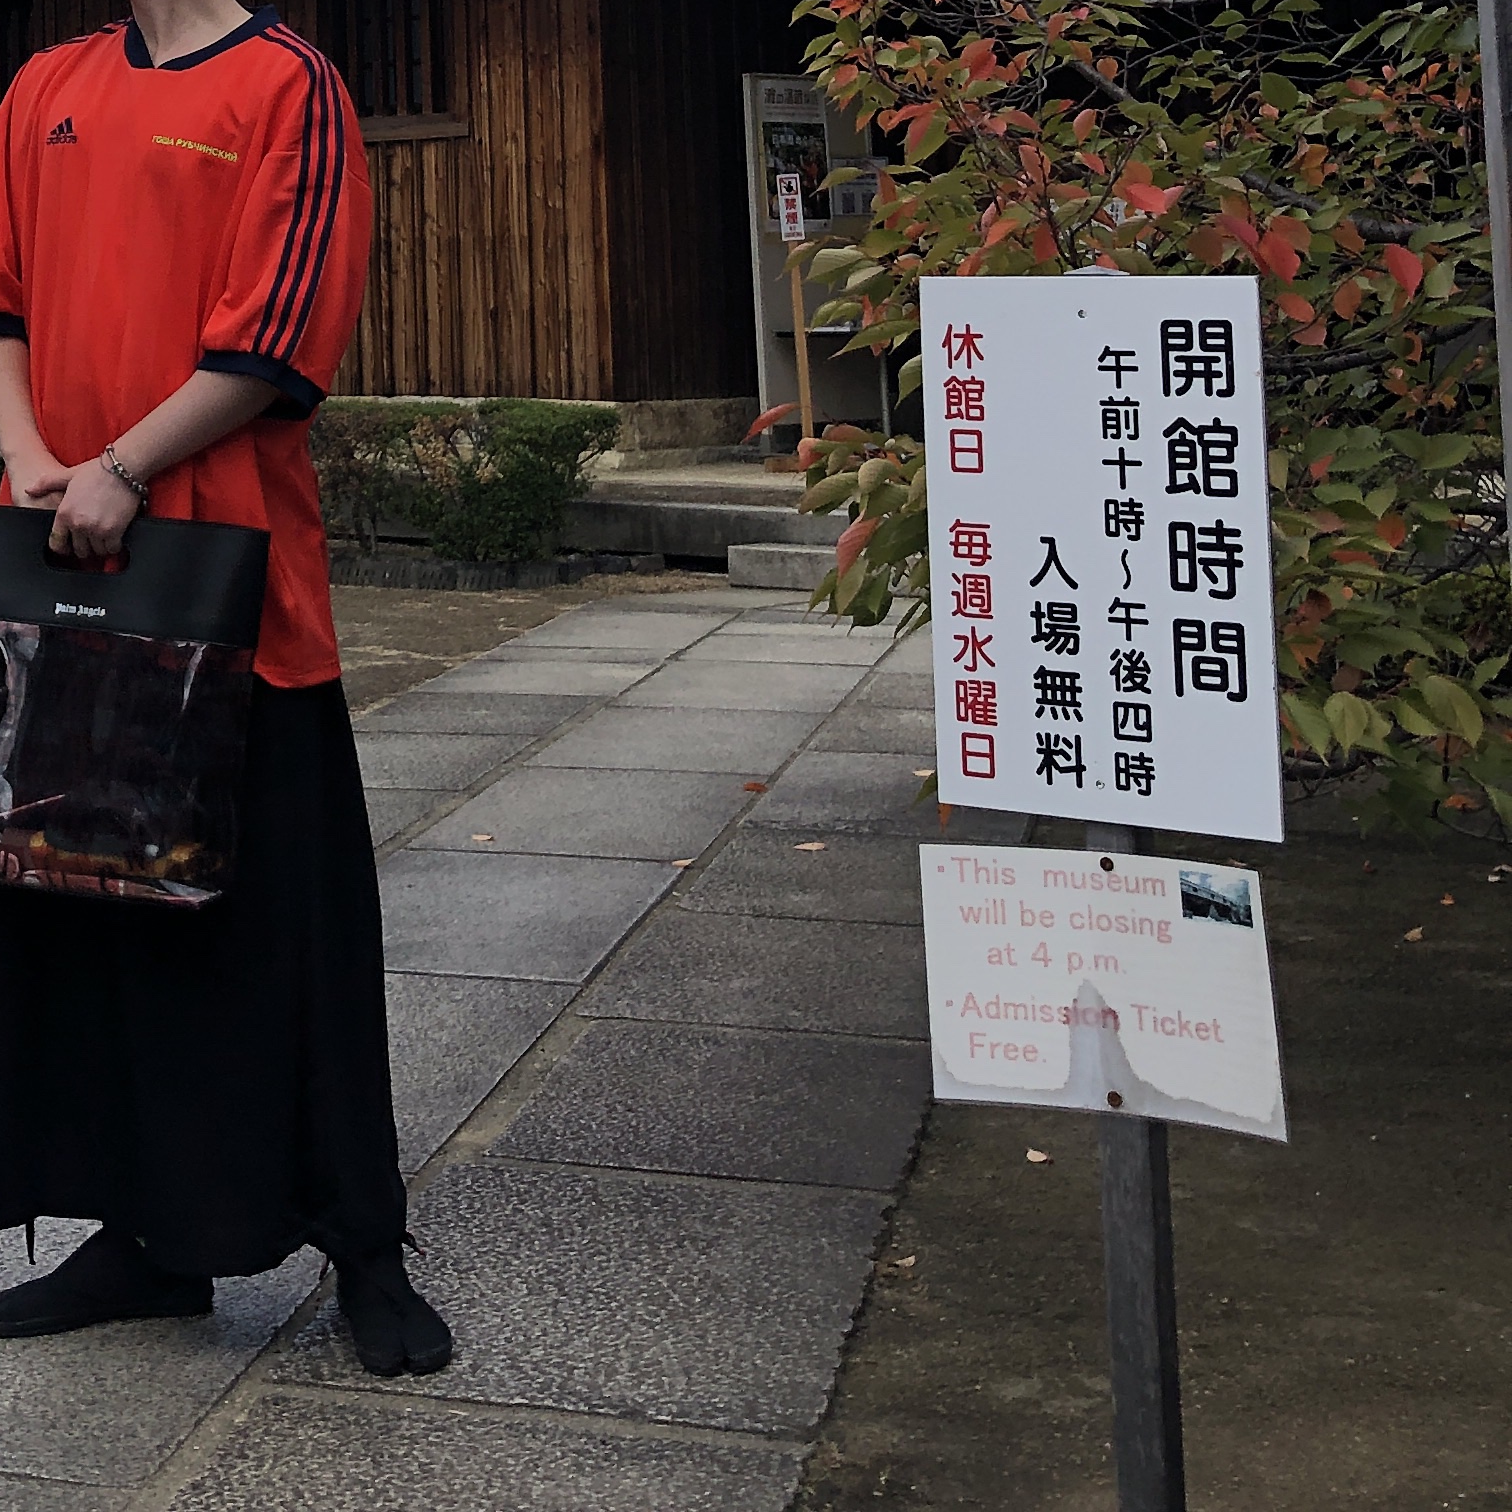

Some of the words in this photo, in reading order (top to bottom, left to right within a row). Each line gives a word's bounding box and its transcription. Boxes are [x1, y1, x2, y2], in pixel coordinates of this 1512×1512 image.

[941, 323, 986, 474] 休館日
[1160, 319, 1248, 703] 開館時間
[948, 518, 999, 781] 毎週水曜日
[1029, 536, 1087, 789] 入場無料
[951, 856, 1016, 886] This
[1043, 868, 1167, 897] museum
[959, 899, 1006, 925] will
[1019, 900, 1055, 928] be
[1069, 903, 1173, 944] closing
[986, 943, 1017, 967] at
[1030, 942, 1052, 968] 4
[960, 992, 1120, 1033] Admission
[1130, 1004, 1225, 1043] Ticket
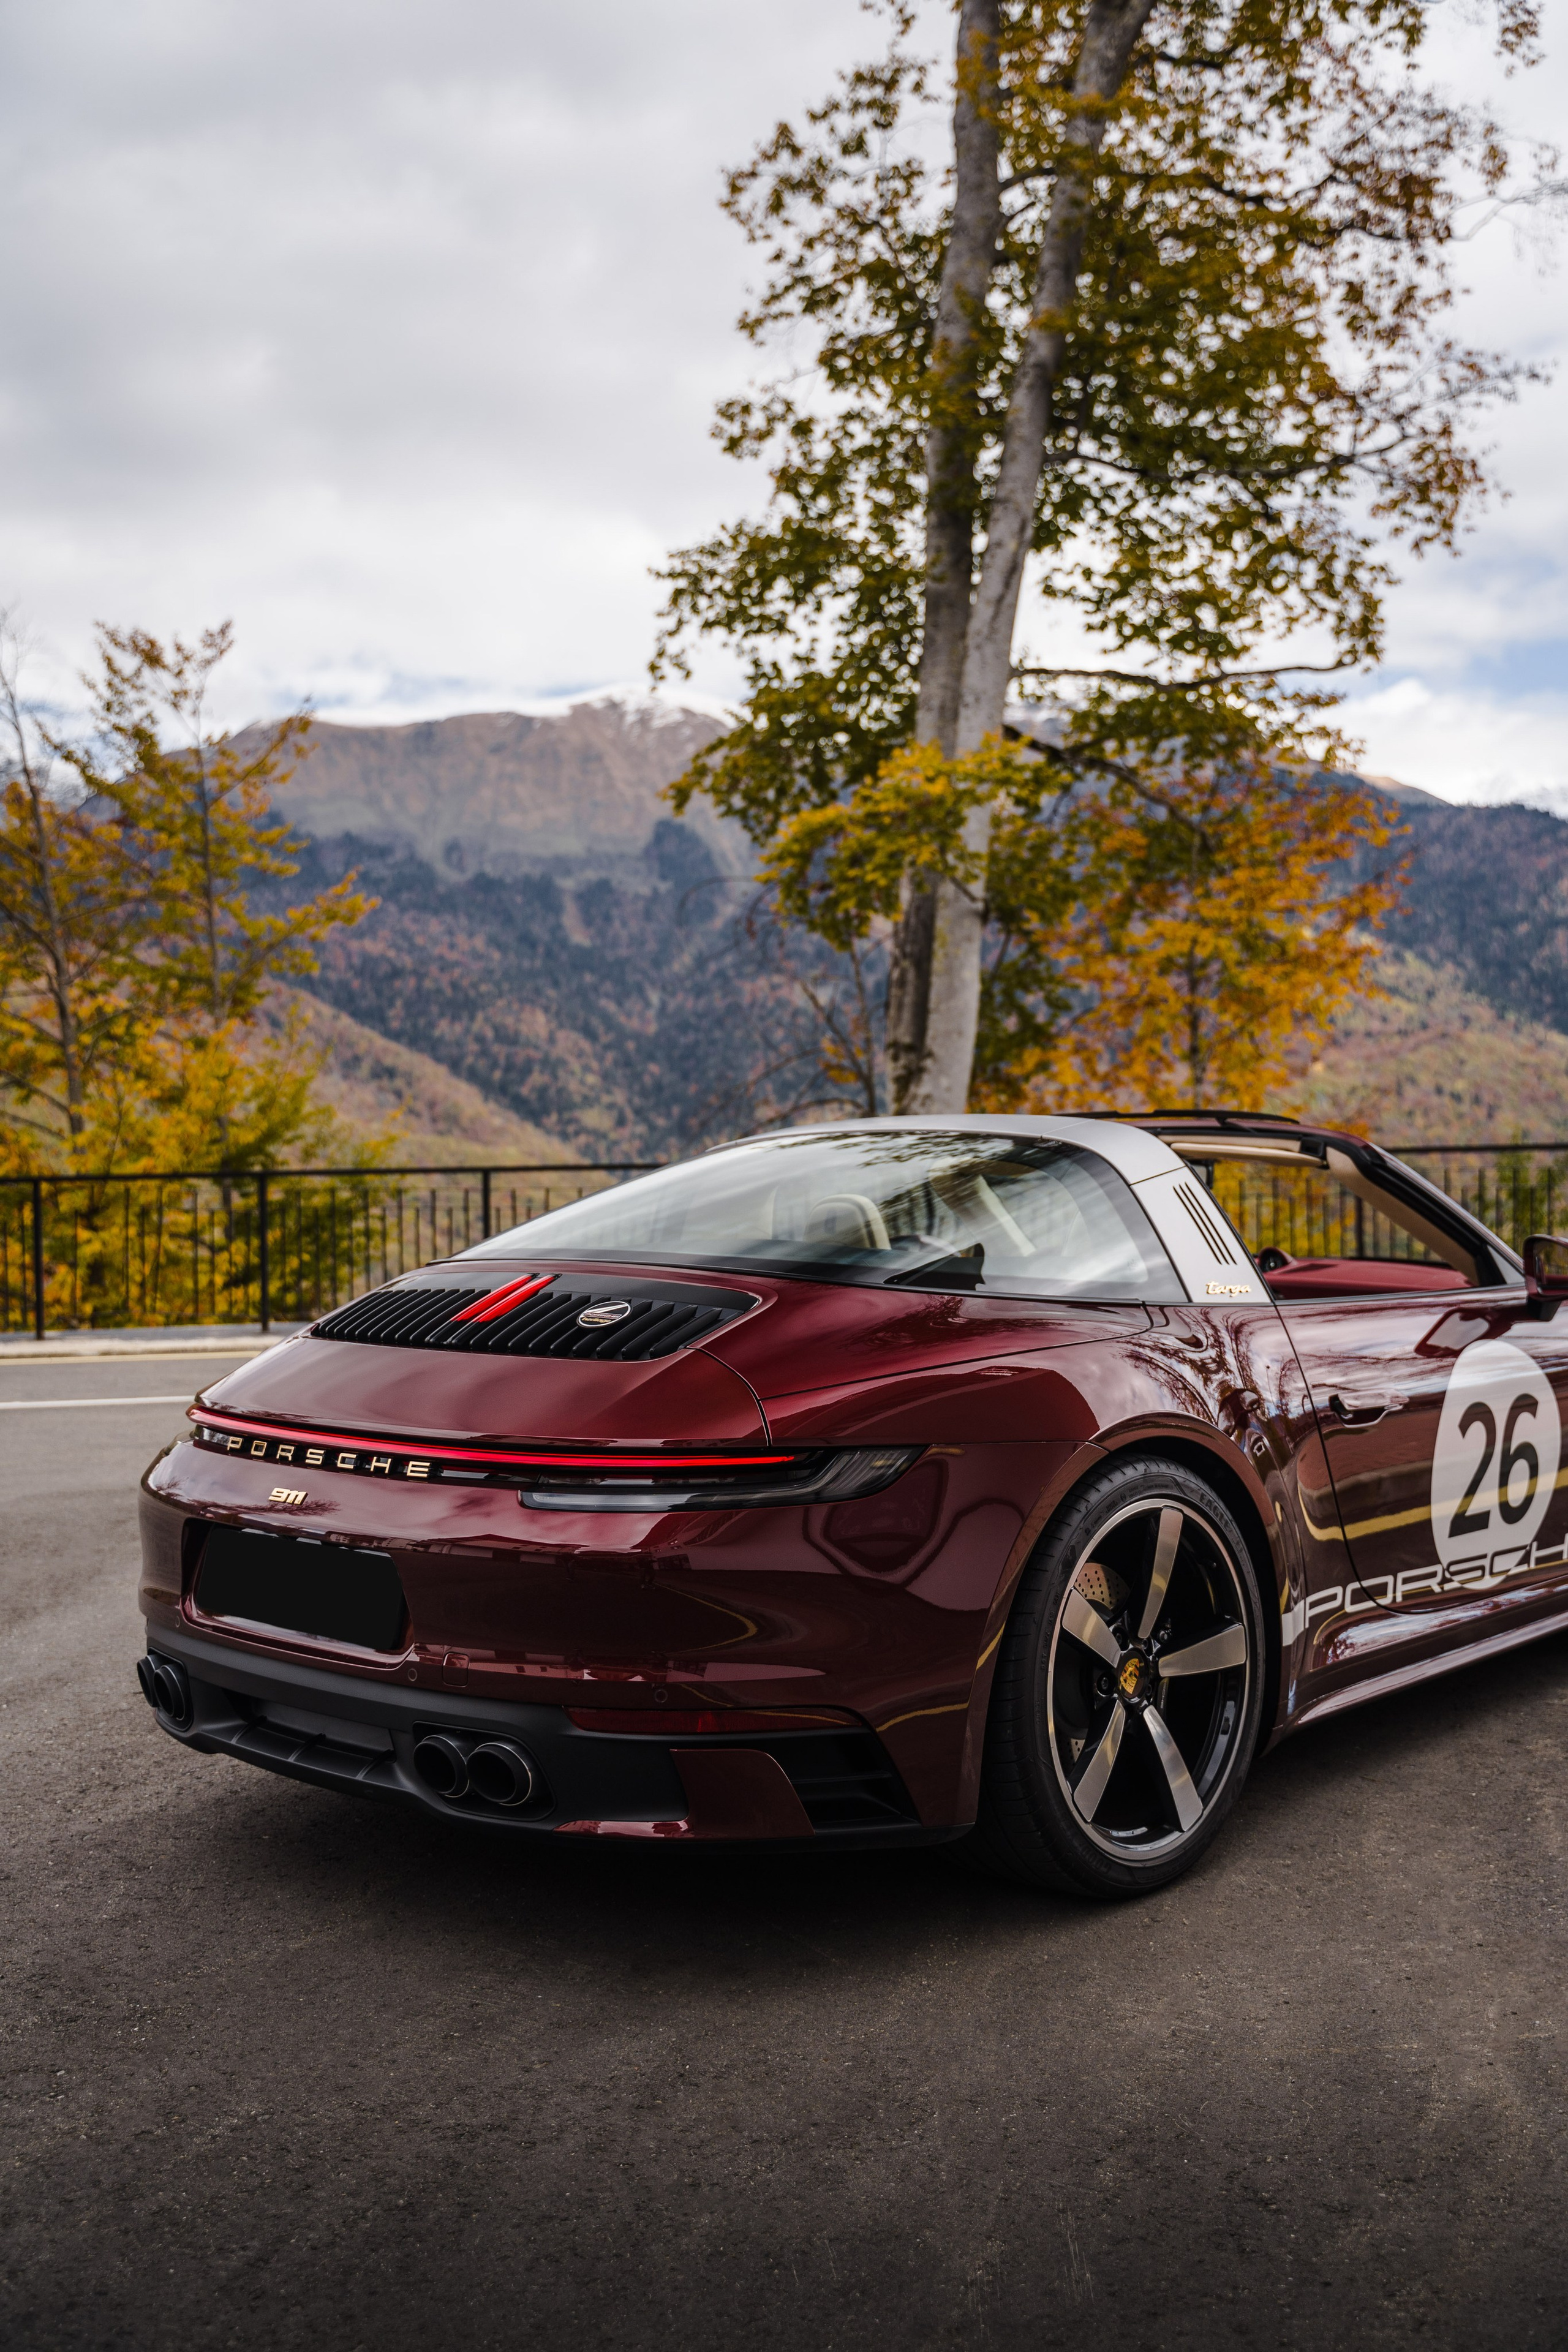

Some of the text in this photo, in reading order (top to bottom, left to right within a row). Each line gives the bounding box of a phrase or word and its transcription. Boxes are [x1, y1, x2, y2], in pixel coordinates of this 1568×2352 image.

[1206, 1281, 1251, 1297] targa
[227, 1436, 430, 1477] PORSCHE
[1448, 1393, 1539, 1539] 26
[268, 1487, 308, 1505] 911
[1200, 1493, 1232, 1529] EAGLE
=====
REQUIRED ACTION
The lines above must be transcribed exactly, with every picture left out.

REPLY TO THE TASK
Some of the words in this photo, in reading order (top to bottom, left to right within a row). Each line gives a word's bounding box and its transcription. Boxes are [x1, y1, x2, y2], in pixel coordinates of this 1512×1512 image.

[941, 323, 986, 474] 休館日
[1160, 319, 1248, 703] 開館時間
[948, 518, 999, 781] 毎週水曜日
[1029, 536, 1087, 789] 入場無料
[951, 856, 1016, 886] This
[1043, 868, 1167, 897] museum
[959, 899, 1006, 925] will
[1019, 900, 1055, 928] be
[1069, 903, 1173, 944] closing
[986, 943, 1017, 967] at
[1030, 942, 1052, 968] 4
[960, 992, 1120, 1033] Admission
[1130, 1004, 1225, 1043] Ticket

Some of the text in this photo, in reading order (top to bottom, left to right within a row). Each line gives the bounding box of a phrase or word and its transcription. Boxes are [x1, y1, x2, y2], in pixel coordinates of this 1568×2352 image.

[1206, 1281, 1251, 1297] targa
[227, 1436, 430, 1477] PORSCHE
[1448, 1393, 1539, 1539] 26
[268, 1487, 308, 1505] 911
[1200, 1493, 1232, 1529] EAGLE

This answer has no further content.